▶ [Activity]: Without any of their pictures, return all of the records exactly.

▶ [Exercise input]:
=== Begin Enclosure ===

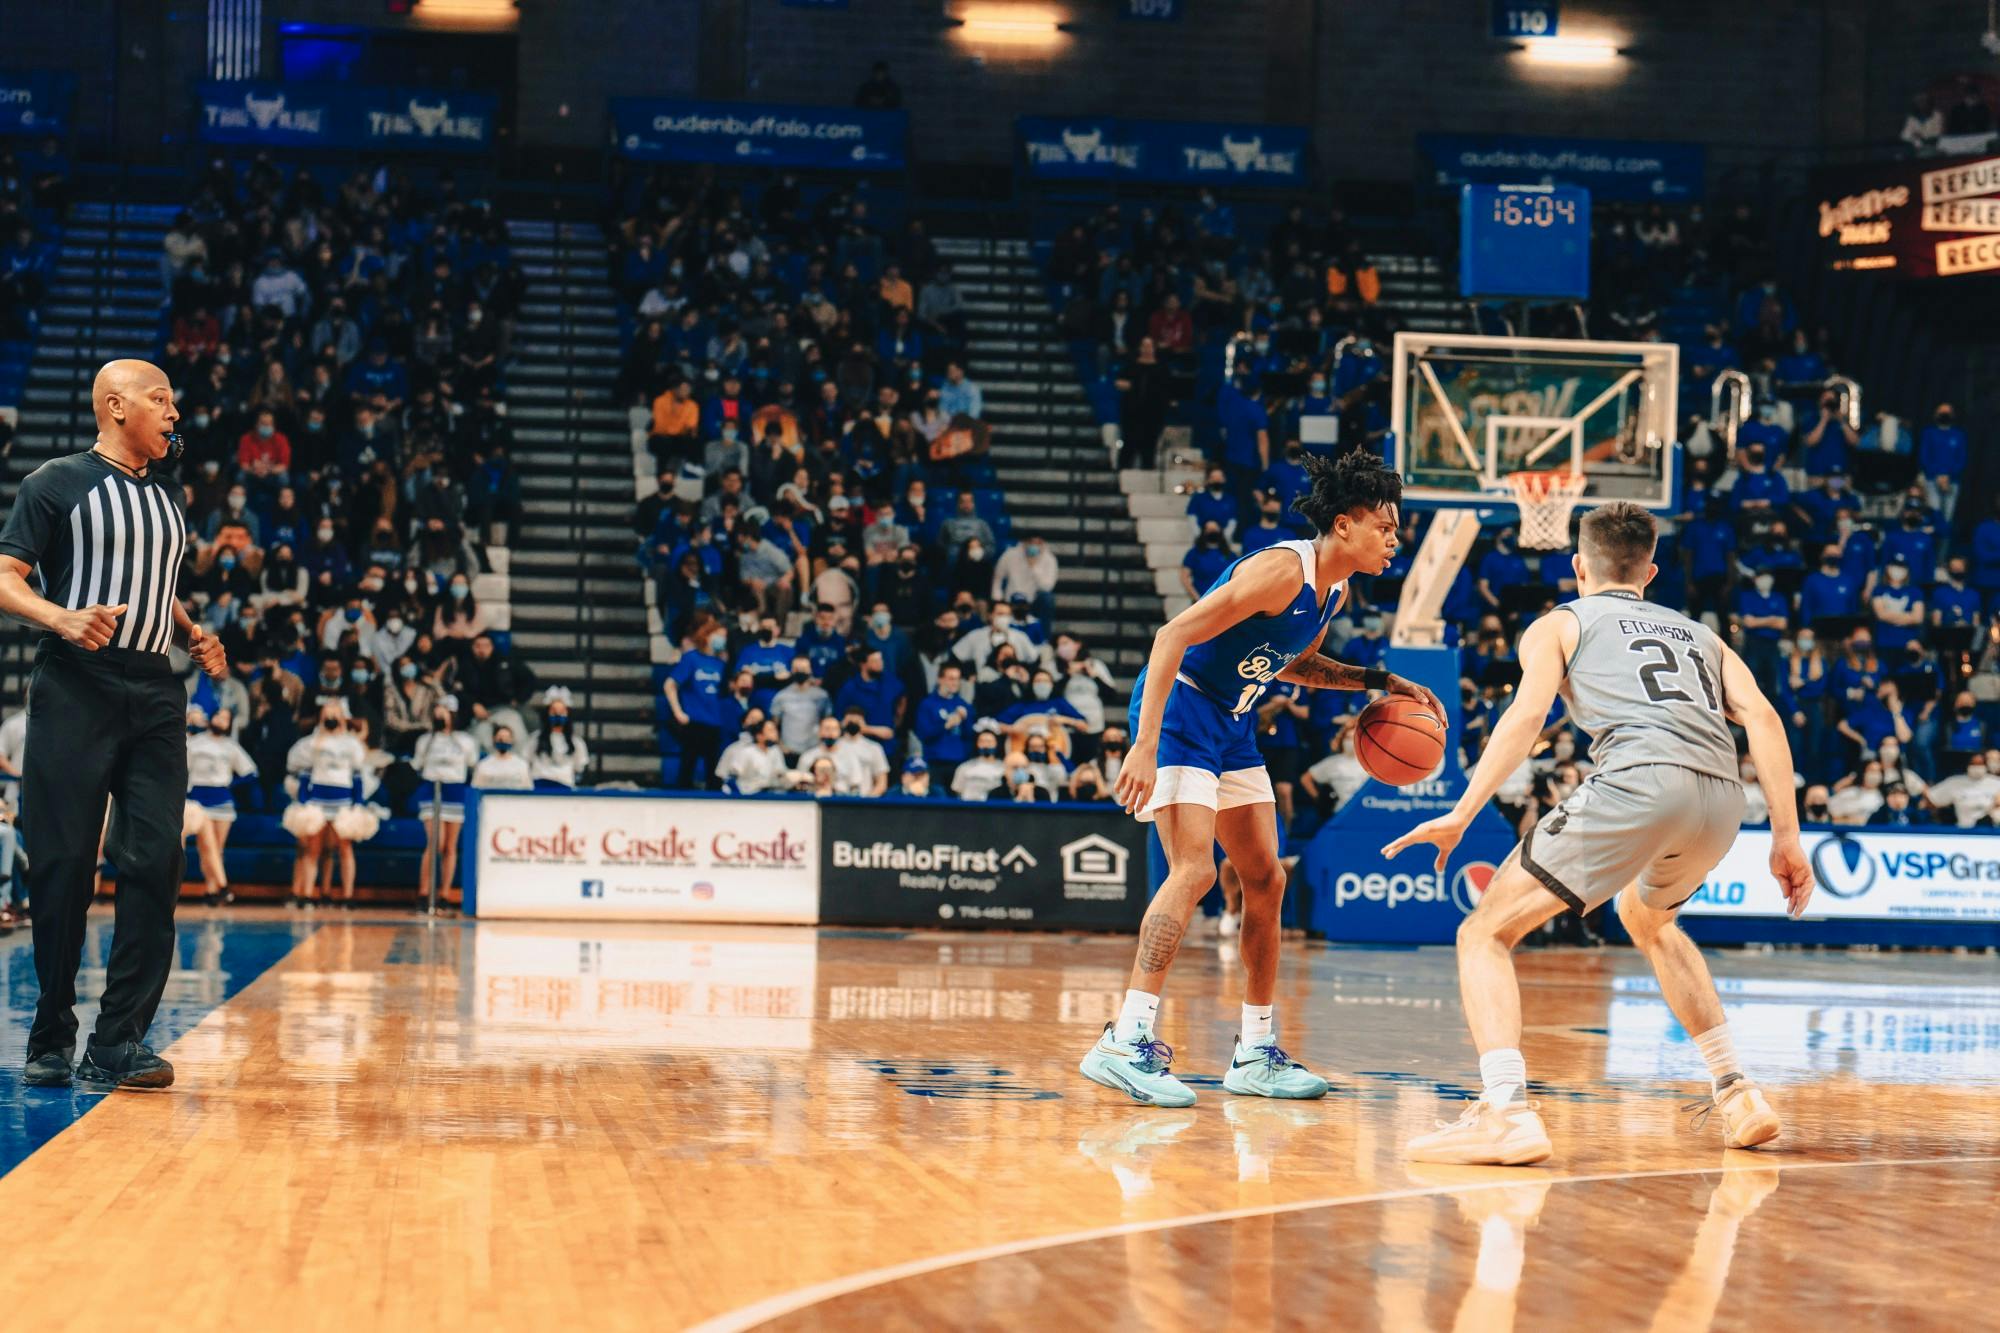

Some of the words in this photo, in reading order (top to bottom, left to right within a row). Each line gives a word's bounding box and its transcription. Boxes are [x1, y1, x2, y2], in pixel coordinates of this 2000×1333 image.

[1507, 9, 1548, 34] 110
[652, 114, 863, 140] audenbuffalo.com
[1493, 194, 1575, 227] 16:04
[1616, 618, 1697, 645] ETCHISON
[1627, 637, 1720, 713] 21
[491, 824, 588, 859] Castle
[601, 826, 698, 861] Castle
[710, 829, 807, 864] Castle
[832, 841, 1000, 872] BuffaloFirst
[899, 872, 947, 892] Realty
[1334, 872, 1447, 909] pepsi
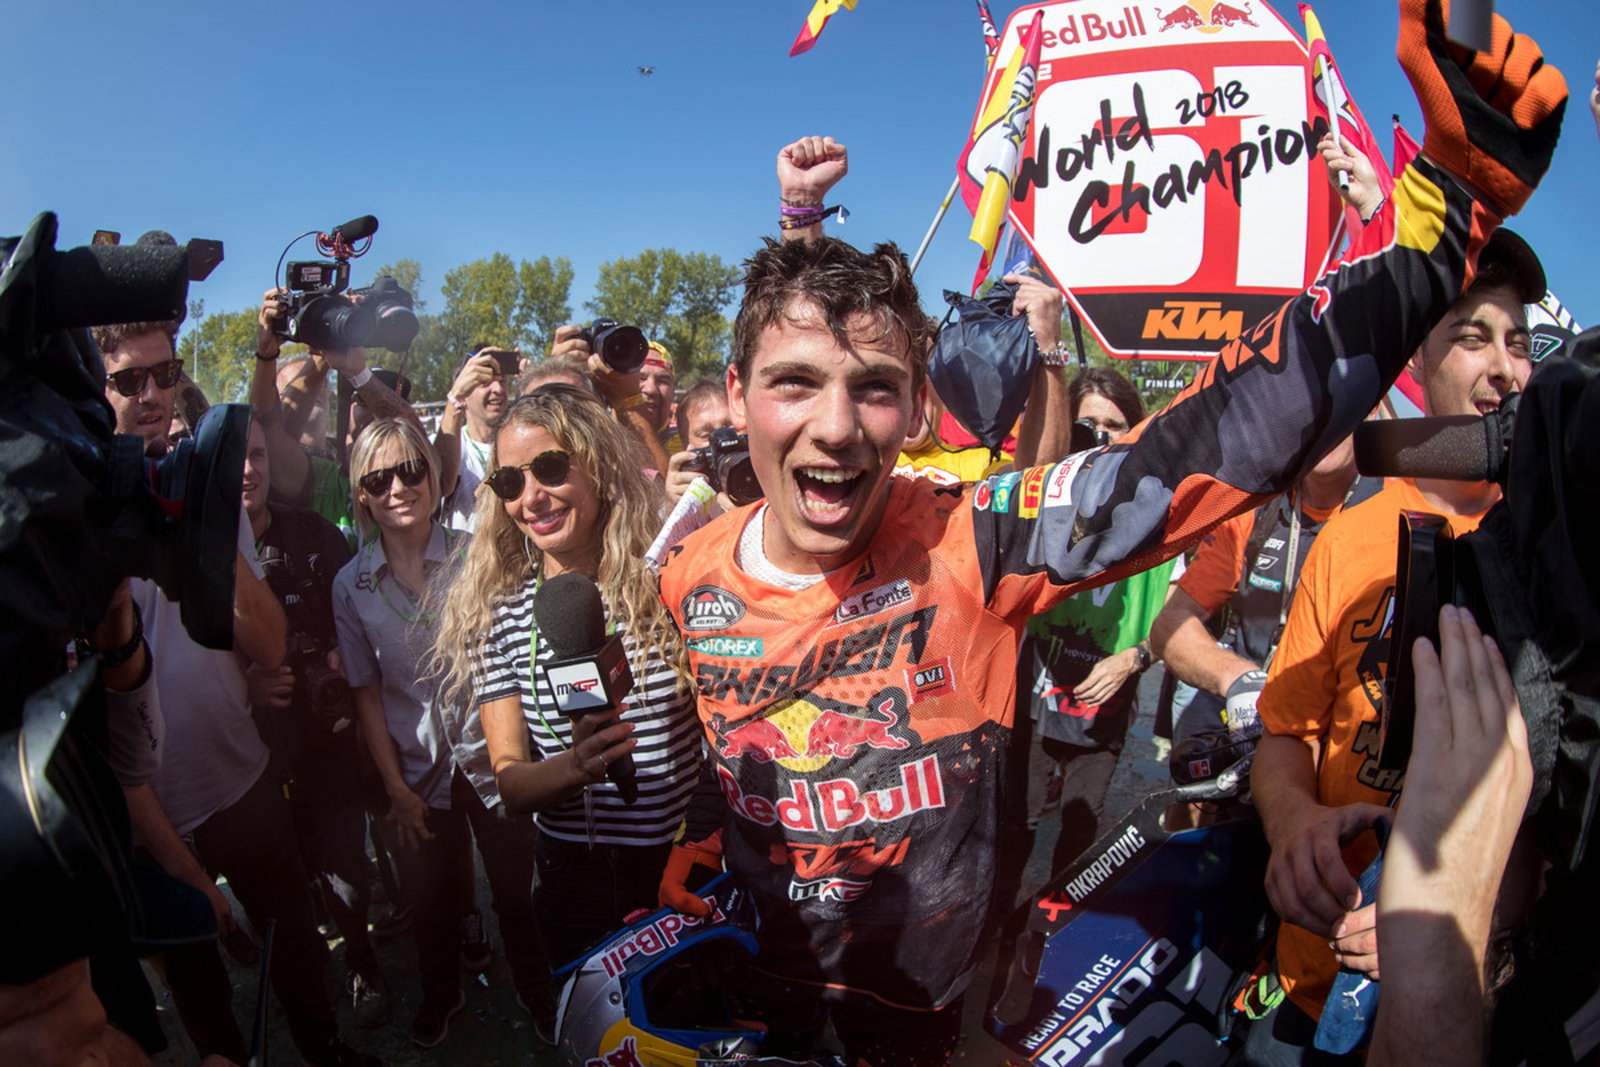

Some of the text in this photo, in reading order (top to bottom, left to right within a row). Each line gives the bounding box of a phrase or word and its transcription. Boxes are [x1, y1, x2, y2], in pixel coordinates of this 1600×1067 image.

[1082, 6, 1146, 42] Bull
[1175, 80, 1250, 126] 2018
[1068, 116, 1331, 244] Champion
[1142, 301, 1244, 341] KTM
[1145, 379, 1184, 389] FINISH
[687, 638, 758, 656] OTOREX
[716, 753, 946, 833] Red Bull
[600, 924, 667, 979] Bull
[1021, 954, 1121, 1050] READY TO RACE

=== End Enclosure ===

▶ [Solution for this problem]:
Some of the words in this photo, in reading order (top to bottom, left to right within a row). Each line gives a word's bounding box and its transcription. Boxes are [x1, y1, x2, y2], in pixel coordinates of this 2000×1333 image.

[1507, 9, 1548, 34] 110
[652, 114, 863, 140] audenbuffalo.com
[1493, 194, 1575, 227] 16:04
[1616, 618, 1697, 645] ETCHISON
[1627, 637, 1720, 713] 21
[491, 824, 588, 859] Castle
[601, 826, 698, 861] Castle
[710, 829, 807, 864] Castle
[832, 841, 1000, 872] BuffaloFirst
[899, 872, 947, 892] Realty
[1334, 872, 1447, 909] pepsi

Some of the text in this photo, in reading order (top to bottom, left to right within a row). Each line gives the bounding box of a phrase or word and its transcription. Boxes are [x1, y1, x2, y2], in pixel coordinates of this 1600×1067 image.

[1082, 6, 1146, 42] Bull
[1175, 80, 1250, 126] 2018
[1068, 116, 1331, 244] Champion
[1142, 301, 1244, 341] KTM
[1145, 379, 1184, 389] FINISH
[687, 638, 758, 656] OTOREX
[716, 753, 946, 833] Red Bull
[600, 924, 667, 979] Bull
[1021, 954, 1121, 1050] READY TO RACE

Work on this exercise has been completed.